> About this exercise
Could you set down every record exactly as it appears?

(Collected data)

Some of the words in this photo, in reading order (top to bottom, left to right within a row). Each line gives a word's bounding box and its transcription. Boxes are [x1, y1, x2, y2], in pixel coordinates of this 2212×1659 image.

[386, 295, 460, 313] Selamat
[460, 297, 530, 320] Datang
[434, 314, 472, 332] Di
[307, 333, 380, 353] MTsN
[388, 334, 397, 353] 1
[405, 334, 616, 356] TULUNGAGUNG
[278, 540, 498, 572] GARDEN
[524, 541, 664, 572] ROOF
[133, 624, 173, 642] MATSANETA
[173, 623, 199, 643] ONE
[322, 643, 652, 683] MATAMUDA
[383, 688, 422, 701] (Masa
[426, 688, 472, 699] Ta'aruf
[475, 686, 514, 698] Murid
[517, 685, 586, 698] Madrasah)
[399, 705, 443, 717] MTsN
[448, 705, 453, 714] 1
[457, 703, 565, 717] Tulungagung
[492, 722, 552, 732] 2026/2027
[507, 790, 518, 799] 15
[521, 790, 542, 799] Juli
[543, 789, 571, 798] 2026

> Task output
Some of the words in this photo, in reading order (top to bottom, left to right within a row). Each line gives a word's bounding box and its transcription. Boxes are [x1, y1, x2, y2], in pixel coordinates of this 2212×1659 image.

[386, 295, 460, 313] Selamat
[460, 297, 530, 320] Datang
[434, 314, 472, 332] Di
[307, 333, 380, 353] MTsN
[388, 334, 397, 353] 1
[405, 334, 616, 356] TULUNGAGUNG
[278, 540, 498, 572] GARDEN
[524, 541, 664, 572] ROOF
[133, 624, 173, 642] MATSANETA
[173, 623, 199, 643] ONE
[322, 643, 652, 683] MATAMUDA
[383, 688, 422, 701] (Masa
[426, 688, 472, 699] Ta'aruf
[475, 686, 514, 698] Murid
[517, 685, 586, 698] Madrasah)
[399, 705, 443, 717] MTsN
[448, 705, 453, 714] 1
[457, 703, 565, 717] Tulungagung
[492, 722, 552, 732] 2026/2027
[507, 790, 518, 799] 15
[521, 790, 542, 799] Juli
[543, 789, 571, 798] 2026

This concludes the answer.